Era stata proprio l’esponente della Lega a portare in Consiglio provinciale la proposta – approvata come ordine del giorno nella seduta del 24 luglio 2025 – con cui si impegnava la Giunta a costruire un modello territoriale integrato di offerta conciliativa estiva. Al centro della proposta, la necessità di superare la frammentazione dell’offerta esistente e di rispondere in modo strutturato a una domanda crescente da parte delle famiglie, in particolare di quelle in cui entrambi i genitori lavorano e che nei mesi estivi non possono più contare sulla rete familiare allargata.

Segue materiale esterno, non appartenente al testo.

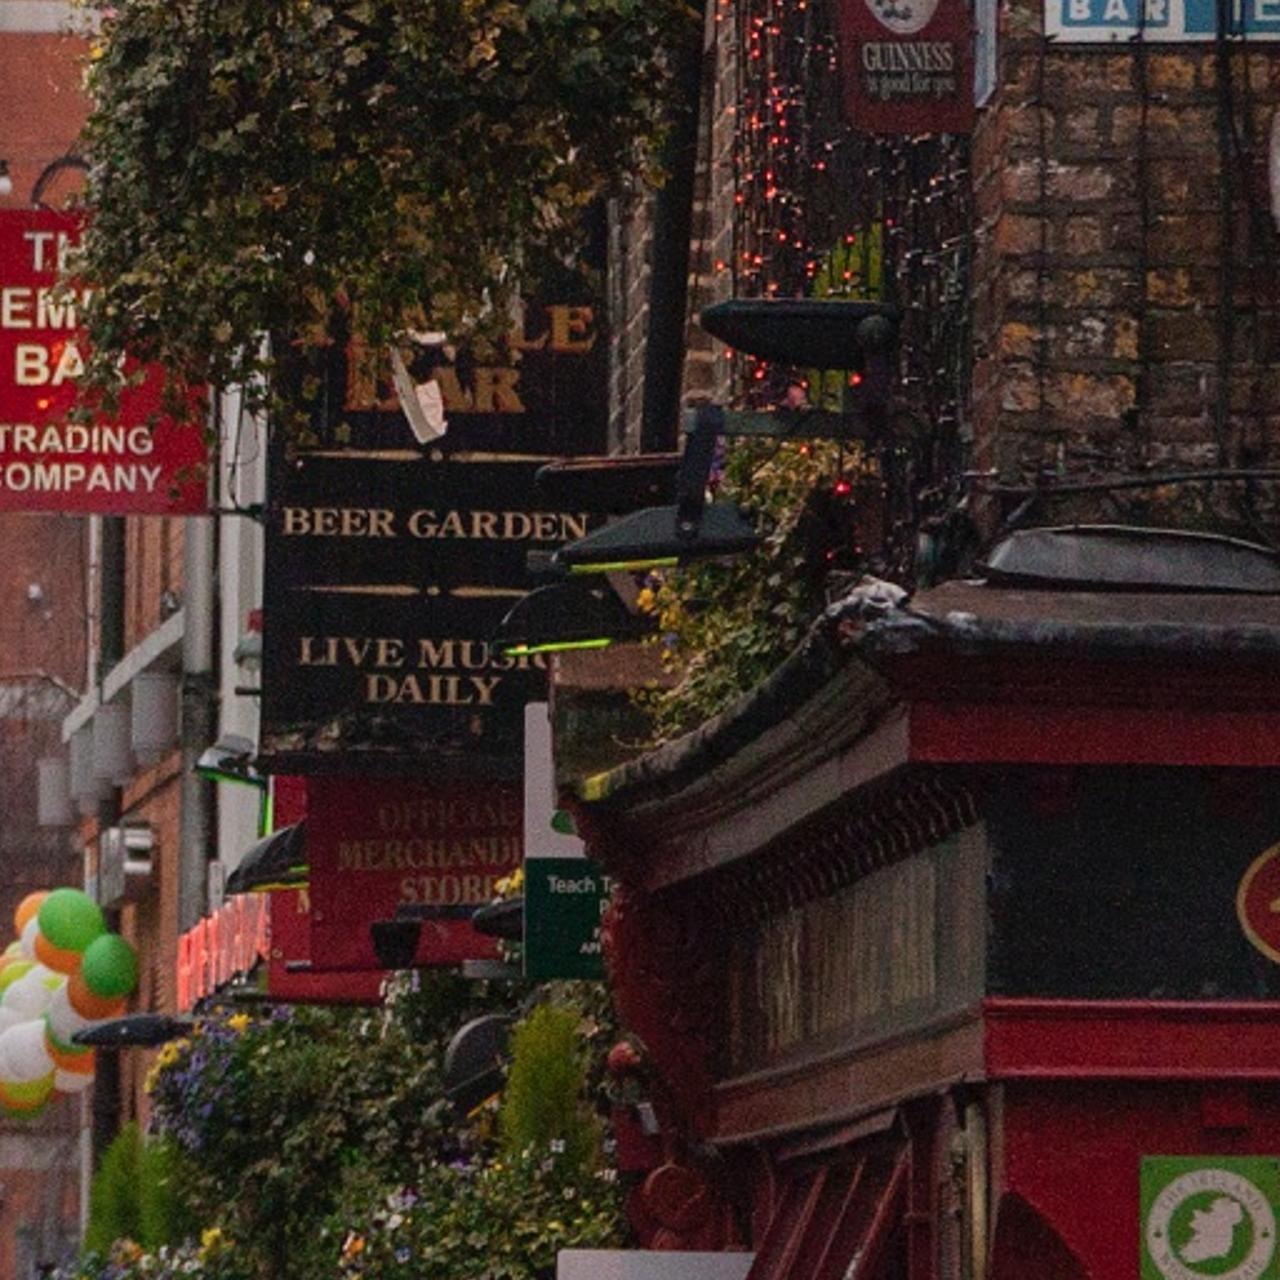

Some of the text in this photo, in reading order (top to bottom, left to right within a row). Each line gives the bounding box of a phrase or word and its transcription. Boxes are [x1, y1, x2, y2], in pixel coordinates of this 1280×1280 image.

«Molte famiglie trentine – osserva la consigliera provinciale – si trovano sole davanti al problema di gestire i figli durante le vacanze scolastiche. I nonni non sempre ci sono, o non sono in condizione di aiutare. I centri estivi esistenti non bastano, e la loro distribuzione sul territorio è tutt’altro che uniforme. La mia proposta nasceva proprio da questa realtà.»
L’ordine del giorno approvato dal Consiglio impegnava la Giunta a promuovere, tramite l’Agenzia per la coesione sociale e in collaborazione con la Fondazione Franco Demarchi, un’indagine strutturata sulla domanda di servizi estivi, sulla disponibilità di strutture idonee e sui bisogni reali delle famiglie. L’obiettivo: tracciare le basi per un sistema stabile, coordinato, capace di coinvolgere comuni, comunità di valle, Terzo settore e famiglie stesse.
La risposta della Giunta, con la sperimentazione annunciata dall’assessore Spinelli, è per l’esponente della Lega un primo segnale concreto nella direzione giusta. «Ringrazio il presidente Fugatti e l’assessore Spinelli per aver raccolto questa sollecitazione. Ora l’obiettivo è consolidare quanto avviato e renderlo un sistema permanente, non un’iniziativa isolata.»